WHAT IS BEING ASKED - Could you please repeat the entries below word for word, with the images left out?

DATA FOR THIS EXERCISE -
•••••

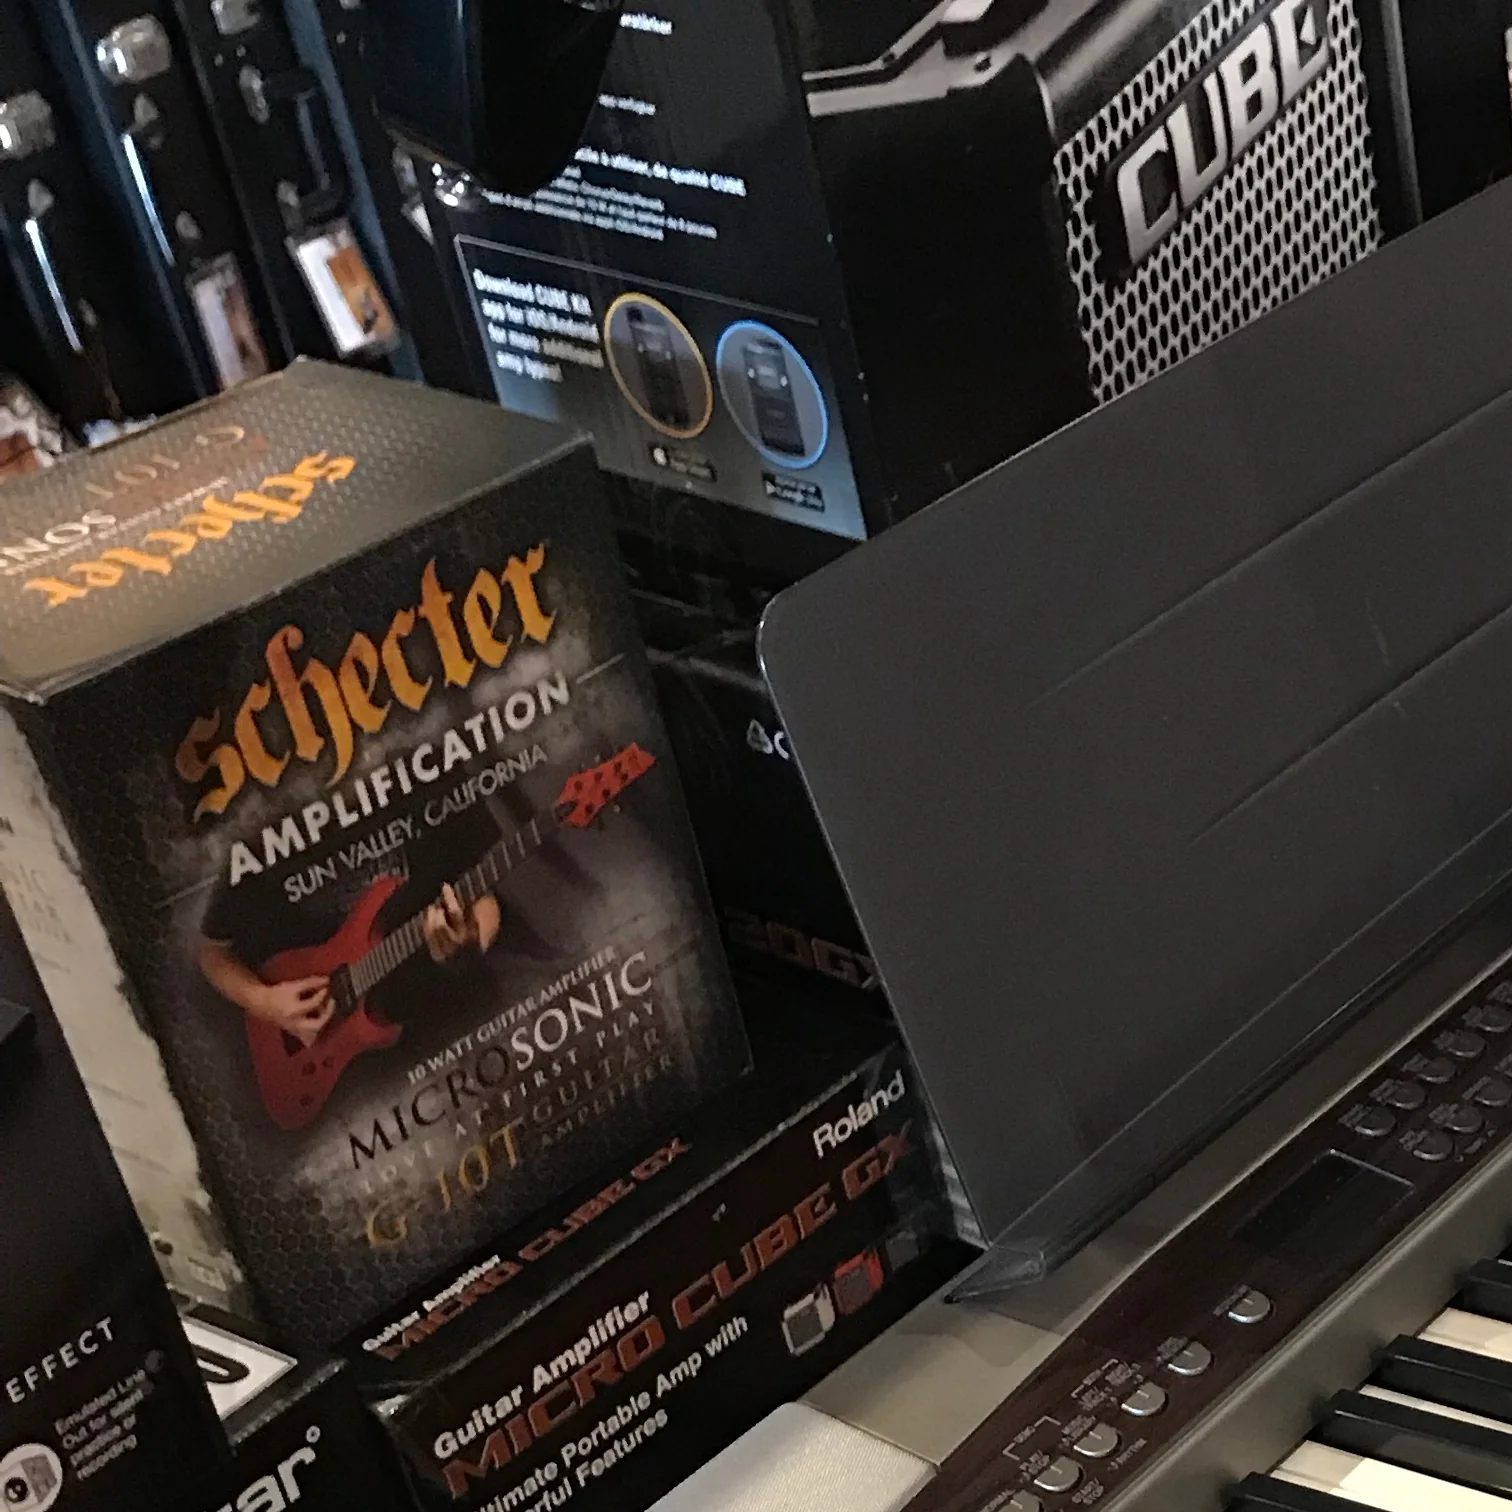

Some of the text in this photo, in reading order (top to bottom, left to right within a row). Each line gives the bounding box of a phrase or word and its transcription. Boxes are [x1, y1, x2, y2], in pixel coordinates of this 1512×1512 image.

[1117, 0, 1330, 264] CUBE
[229, 672, 570, 886] AMPLIFICATION
[284, 744, 548, 902] SUN VALLEY, CALIFORNIA
[348, 951, 652, 1170] MICROSONIC
[407, 945, 618, 1085] 10 WATT GUITAR AMPLIFIER
[501, 1046, 579, 1109] FIRST
[595, 1001, 656, 1049] PLAY
[532, 1027, 661, 1124] GUITAR
[813, 1068, 905, 1159] Roland
[376, 1136, 692, 1361] MICRO CUBE GX
[442, 1118, 913, 1499] MICRO CUBE GX
[5, 1316, 115, 1403] EFFECT
[52, 1387, 120, 1434] Emulated
[433, 1290, 649, 1459] Guitar Amplifier
[560, 1391, 651, 1468] Portable
[655, 1350, 702, 1398] Amp
[704, 1314, 749, 1358] with
[59, 1424, 90, 1451] Out
[575, 1407, 668, 1488] Features
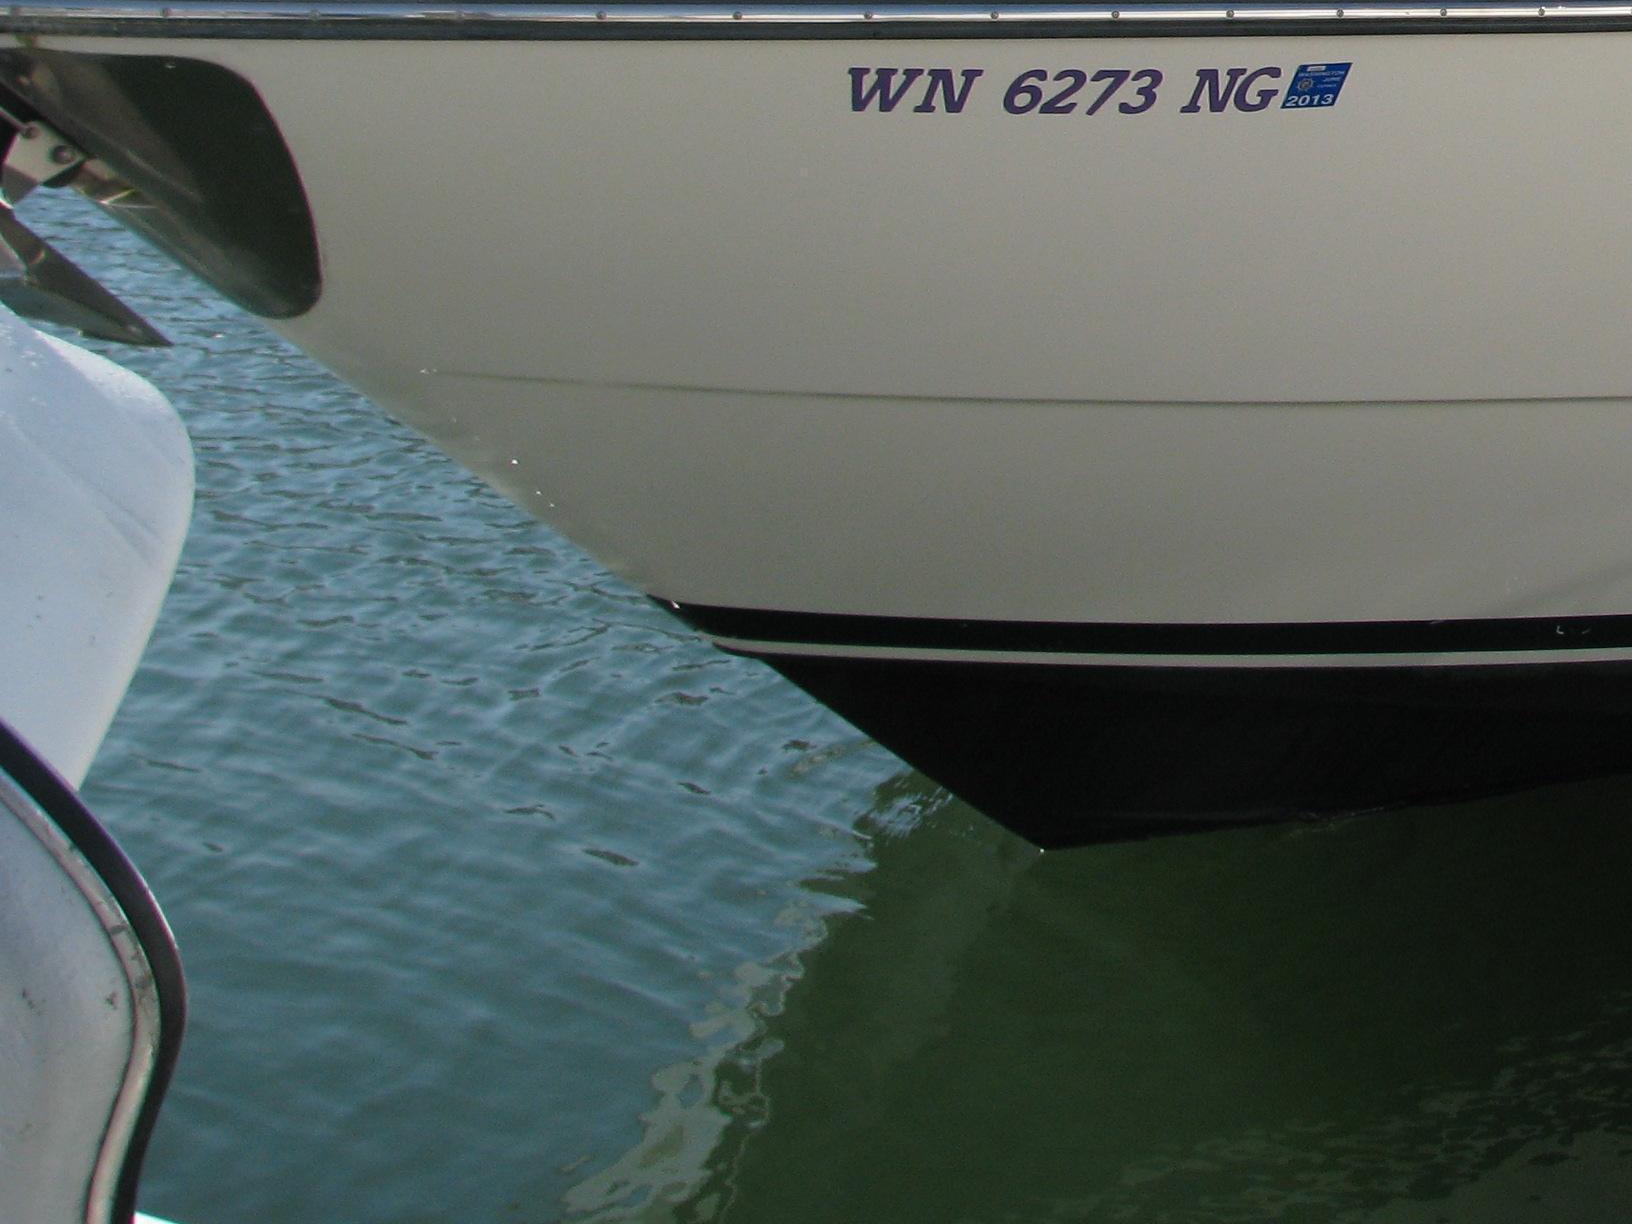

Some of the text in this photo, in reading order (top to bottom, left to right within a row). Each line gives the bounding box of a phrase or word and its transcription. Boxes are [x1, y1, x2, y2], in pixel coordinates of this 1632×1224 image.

[847, 66, 1282, 116] WN 6273 NG
[1285, 93, 1334, 107] 2013
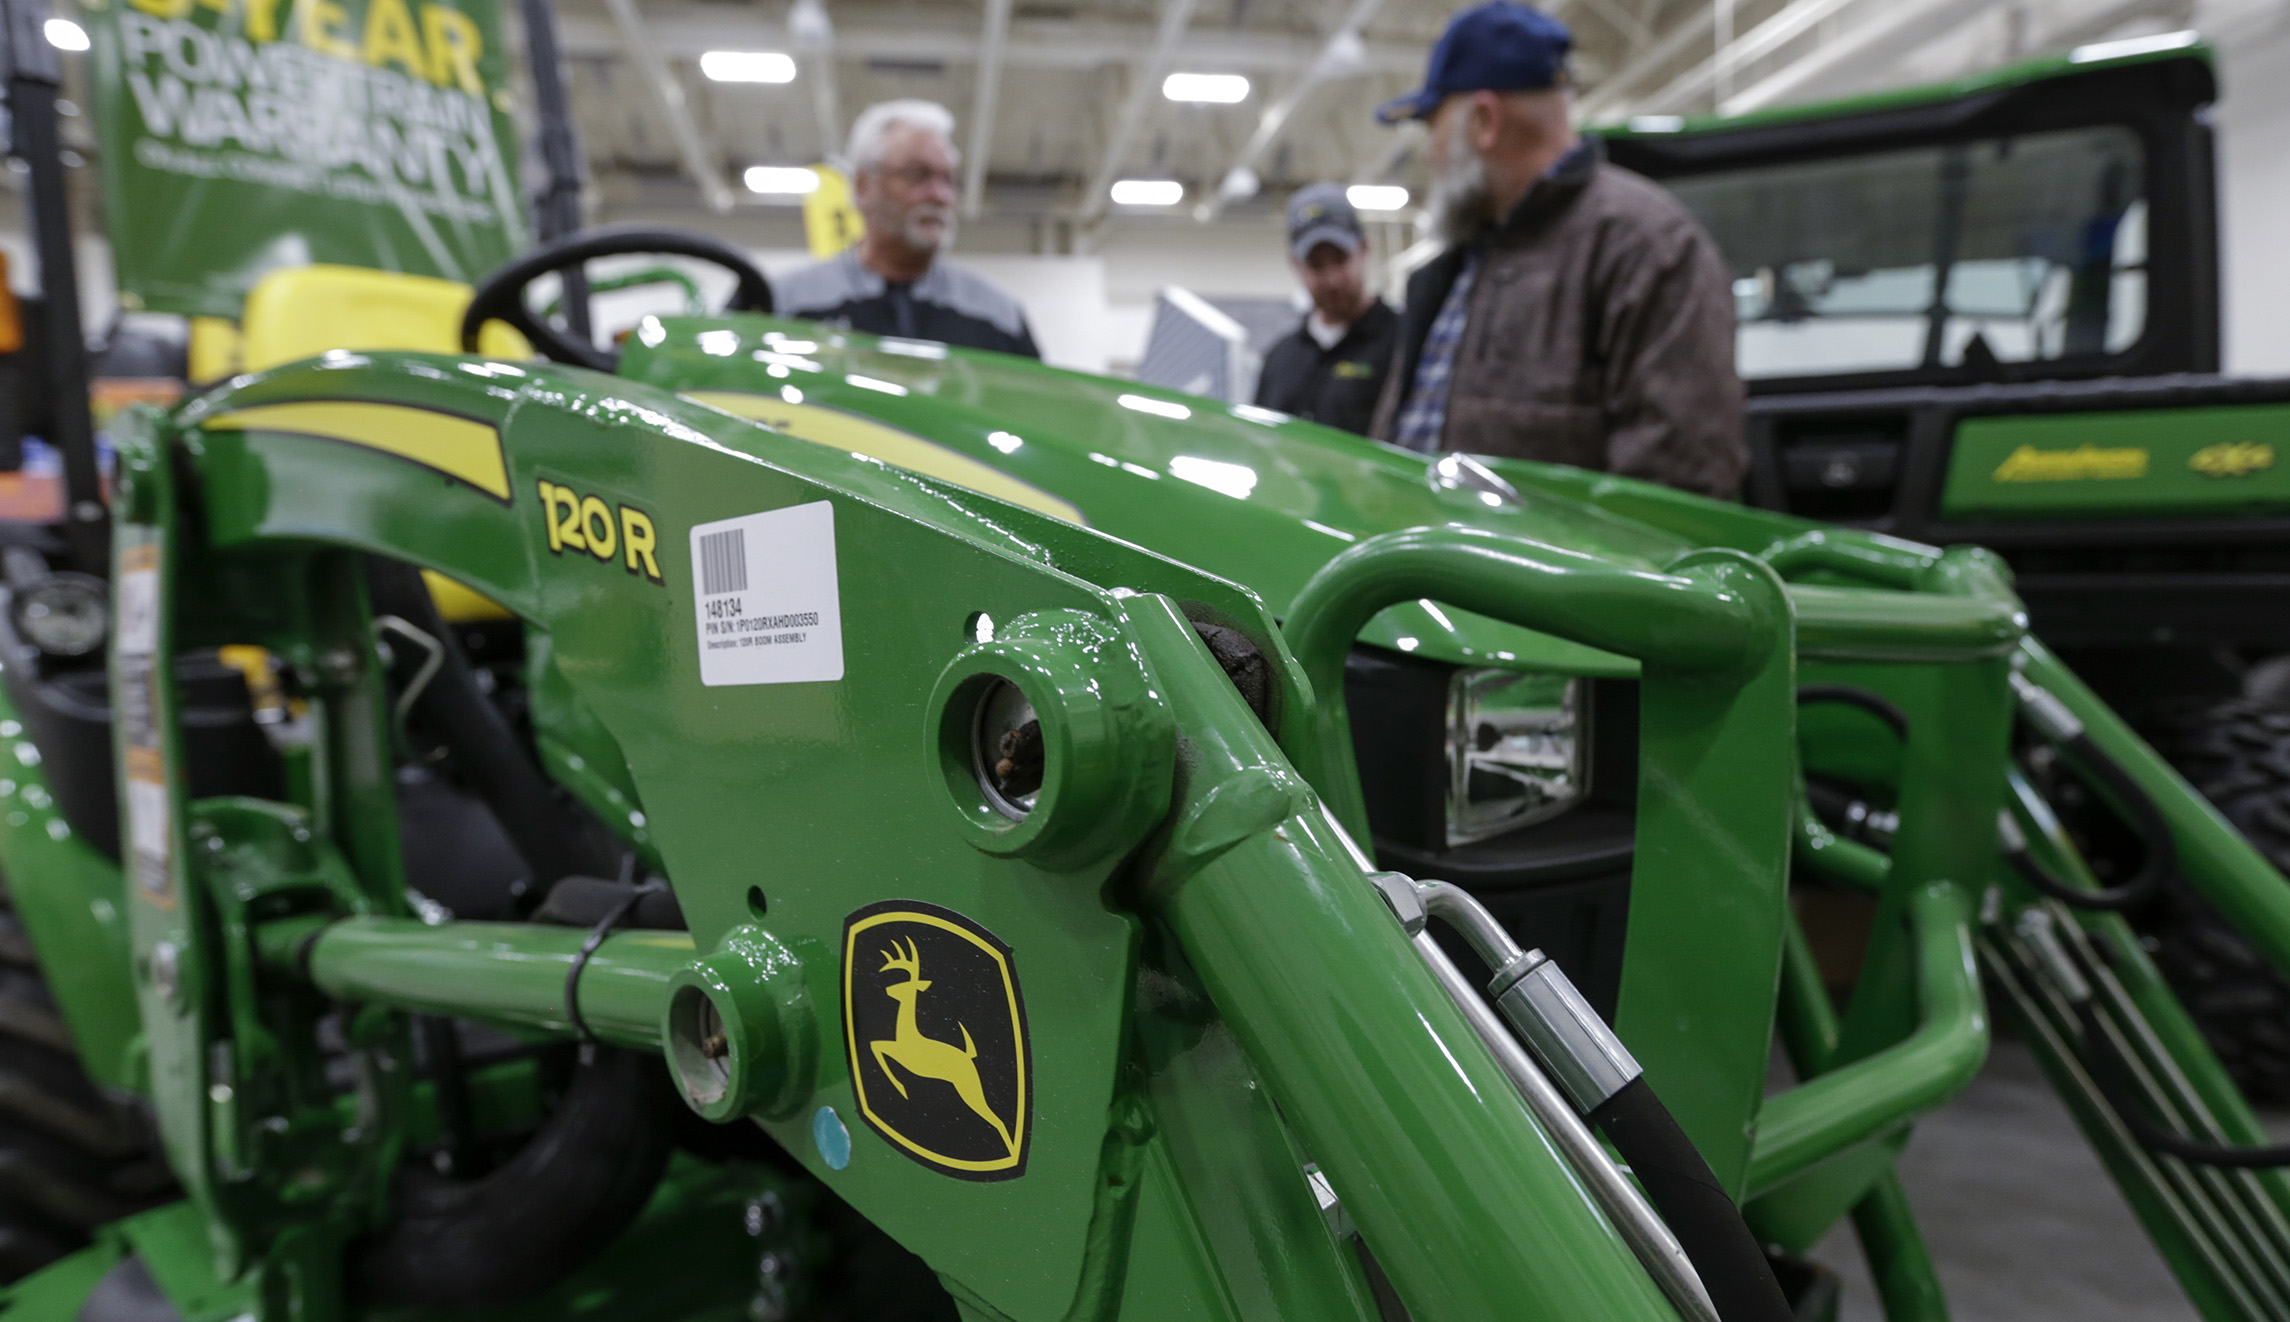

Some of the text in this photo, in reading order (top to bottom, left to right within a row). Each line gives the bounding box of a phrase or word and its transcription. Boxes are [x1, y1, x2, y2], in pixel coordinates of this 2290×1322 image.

•••••

RESULT -
Some of the text in this photo, in reading order (top to bottom, left to right within a row). Each line gives the bounding box of a phrase or word and its transcription. Boxes are [x1, y1, x2, y2], in pixel coordinates of this 1512×1512 image.

[1117, 0, 1330, 264] CUBE
[229, 672, 570, 886] AMPLIFICATION
[284, 744, 548, 902] SUN VALLEY, CALIFORNIA
[348, 951, 652, 1170] MICROSONIC
[407, 945, 618, 1085] 10 WATT GUITAR AMPLIFIER
[501, 1046, 579, 1109] FIRST
[595, 1001, 656, 1049] PLAY
[532, 1027, 661, 1124] GUITAR
[813, 1068, 905, 1159] Roland
[376, 1136, 692, 1361] MICRO CUBE GX
[442, 1118, 913, 1499] MICRO CUBE GX
[5, 1316, 115, 1403] EFFECT
[52, 1387, 120, 1434] Emulated
[433, 1290, 649, 1459] Guitar Amplifier
[560, 1391, 651, 1468] Portable
[655, 1350, 702, 1398] Amp
[704, 1314, 749, 1358] with
[59, 1424, 90, 1451] Out
[575, 1407, 668, 1488] Features

Some of the text in this photo, in reading order (top to bottom, left to right within a row). Each line gives the bounding box of a phrase or word and its transcription. Boxes are [x1, y1, x2, y2], in pixel coordinates of this 1632×1224 image.

[847, 66, 1282, 116] WN 6273 NG
[1285, 93, 1334, 107] 2013

Some of the text in this photo, in reading order (top to bottom, left to right within a row). Each line gives the bounding box of a phrase or word and its transcription. Boxes are [x1, y1, x2, y2], in pixel coordinates of this 2290×1322 image.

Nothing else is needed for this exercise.